The Office of Management and Enterprise Services Oklahoma Cyber Command supports an extensive third-party risk management program to meet the needs of the State of Oklahoma’s diverse supply chain and ensures the protection of data and systems by utilizing the following measures:
- Determine cybersecurity requirements for suppliers.
- Communicate cybersecurity requirements.
- Enact cybersecurity requirements through a formal agreement.
- Verify cybersecurity requirements are met.
- Govern and manage the above activities.
One of the program’s main goals is to vet the security posture of primary suppliers, as well as their subcontractors and other downstream providers, through our assessment process based on the National Institute of Standards and Technology Cybersecurity Framework.
For a company to access, process, store or transmit state data, it must have an Authority to Operate Order signed by the state chief information security officer or designee. An AOO is produced after OMES Oklahoma Cyber Command reviews a thorough security assessment.
What is an AOO?
An AOO asserts that the supplier’s internal security policies meet the minimum standards set by OMES Oklahoma Cyber Command. It is vital that our suppliers meet these requirements before being provided access to state data and systems. OMES Oklahoma Cyber Command reserves the right to require a new assessment anytime there is a significant change in a supplier’s security or data-handling procedures.
In the spirit of efficiency, OMES Oklahoma Cyber Command accepts industry standard assessments and certifications in lieu of OMES Oklahoma Cyber Command’s standard assessment since they are substantially similar in structure and content.
The following industry standard assessments and certifications are preapproved and do not require an OMES Oklahoma Cyber Command assessment:
- SIG Lite for low-risk suppliers.
- SIG Core for moderate- to high-risk suppliers.
- CSA CAIQ v3.1 for low- to high-risk cloud providers.
- CSA CCM/CAIQ v4 for low- to high-risk cloud providers.
- FedRAMP for low- to high-risk cloud providers.
- StateRAMP for low- to high-risk providers.
View our process document for detailed next steps to ensure you have an AOO within the State of Oklahoma.
I want to introduce you to the OMES Oklahoma Cyber Command third-party risk management program. We want to ensure our state’s data and systems remain protected.

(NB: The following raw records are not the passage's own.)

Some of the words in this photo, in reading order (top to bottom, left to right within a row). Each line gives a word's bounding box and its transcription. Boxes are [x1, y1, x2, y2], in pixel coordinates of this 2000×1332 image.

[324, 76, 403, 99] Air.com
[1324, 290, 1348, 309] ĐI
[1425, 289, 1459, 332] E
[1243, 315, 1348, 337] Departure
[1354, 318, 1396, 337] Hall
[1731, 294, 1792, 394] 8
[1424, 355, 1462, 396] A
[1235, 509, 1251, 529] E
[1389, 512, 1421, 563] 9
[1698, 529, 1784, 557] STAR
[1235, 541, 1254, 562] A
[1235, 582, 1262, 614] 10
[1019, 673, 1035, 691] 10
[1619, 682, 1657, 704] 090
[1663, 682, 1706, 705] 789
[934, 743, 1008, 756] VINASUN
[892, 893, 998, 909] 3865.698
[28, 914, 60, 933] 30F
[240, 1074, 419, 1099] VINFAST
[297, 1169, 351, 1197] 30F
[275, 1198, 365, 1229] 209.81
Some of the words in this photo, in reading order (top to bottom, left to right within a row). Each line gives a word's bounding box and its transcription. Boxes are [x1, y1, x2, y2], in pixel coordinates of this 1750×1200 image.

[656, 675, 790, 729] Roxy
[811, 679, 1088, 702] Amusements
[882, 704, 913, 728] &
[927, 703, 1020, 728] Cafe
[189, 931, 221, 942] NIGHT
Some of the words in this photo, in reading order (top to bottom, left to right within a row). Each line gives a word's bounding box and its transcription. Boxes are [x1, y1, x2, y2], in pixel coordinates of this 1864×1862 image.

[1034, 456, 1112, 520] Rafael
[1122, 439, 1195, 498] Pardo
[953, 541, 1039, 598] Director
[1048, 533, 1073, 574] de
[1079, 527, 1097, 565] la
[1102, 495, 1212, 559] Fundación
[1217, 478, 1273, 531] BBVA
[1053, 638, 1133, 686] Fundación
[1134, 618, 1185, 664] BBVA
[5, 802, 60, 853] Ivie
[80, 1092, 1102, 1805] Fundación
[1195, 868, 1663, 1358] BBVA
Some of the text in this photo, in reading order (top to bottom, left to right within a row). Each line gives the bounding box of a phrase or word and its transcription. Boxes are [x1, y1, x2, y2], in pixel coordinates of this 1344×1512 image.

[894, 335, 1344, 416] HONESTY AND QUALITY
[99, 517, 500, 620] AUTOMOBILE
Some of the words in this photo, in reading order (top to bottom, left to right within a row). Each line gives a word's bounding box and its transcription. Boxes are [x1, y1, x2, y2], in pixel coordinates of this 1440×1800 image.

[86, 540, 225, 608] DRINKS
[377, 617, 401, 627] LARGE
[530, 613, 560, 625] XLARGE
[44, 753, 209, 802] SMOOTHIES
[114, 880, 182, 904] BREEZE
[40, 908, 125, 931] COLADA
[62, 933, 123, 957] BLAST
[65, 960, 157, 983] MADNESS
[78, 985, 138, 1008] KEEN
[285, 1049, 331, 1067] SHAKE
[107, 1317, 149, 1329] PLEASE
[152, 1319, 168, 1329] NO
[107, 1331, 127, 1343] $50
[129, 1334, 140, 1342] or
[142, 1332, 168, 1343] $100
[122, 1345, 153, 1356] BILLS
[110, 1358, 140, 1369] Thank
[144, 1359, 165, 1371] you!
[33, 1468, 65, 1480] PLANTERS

Vetting our primary suppliers’ security postures, as well as their subcontractors and other downstream providers, not only increases data protection but also meets the needs of the state’s diverse supply chain.
Third-Party Security Assessment Process
OMES Oklahoma Cyber Command supports an extensive third-party risk managment program to meet the needs of the state's diverse supply chain. By vetting not only our primary supplier's security posture but also their subcontractors and other downstream providers, we ensure that the state's data and systems remain protected.
For a company to access, process, store or transmit state data, they must have an Authority to Operate Order signed by the state Chief Information Security Officer (CISO) or designee. An AOO is produced after a thorough security assessment has been reviewed by OMES Oklahoma Cyber Command.
New Supplier Process
Security analyst sends supplier a security assessment. Supplier completes.
Analyst reviews responses. If there are any questions or issues, the analyst works with the supplier to resolve.
Once the assessment is complete, a security engineer reviews the document. If approved, engineer submits approval to analyst for crafting AOO.
If not approved, the analyst and supplier work to resolve issues.
CISO signs the AOO and then analyst issues it to supplier.
Renew an Authority to Operate Older Than One-Year
For suppliers whose AOO has expired, a security analyst requests an updated security assessment or an attestation on company letterhead indicating the supplier's security posture has not deterioriated since the execution date on their last AOO.
For a new, full assessment, the same steps as above are completed.
For an attestation, the supplier completes the document and submits for approval.
CISO signs renewed AOO and then analyst issues it to supplier.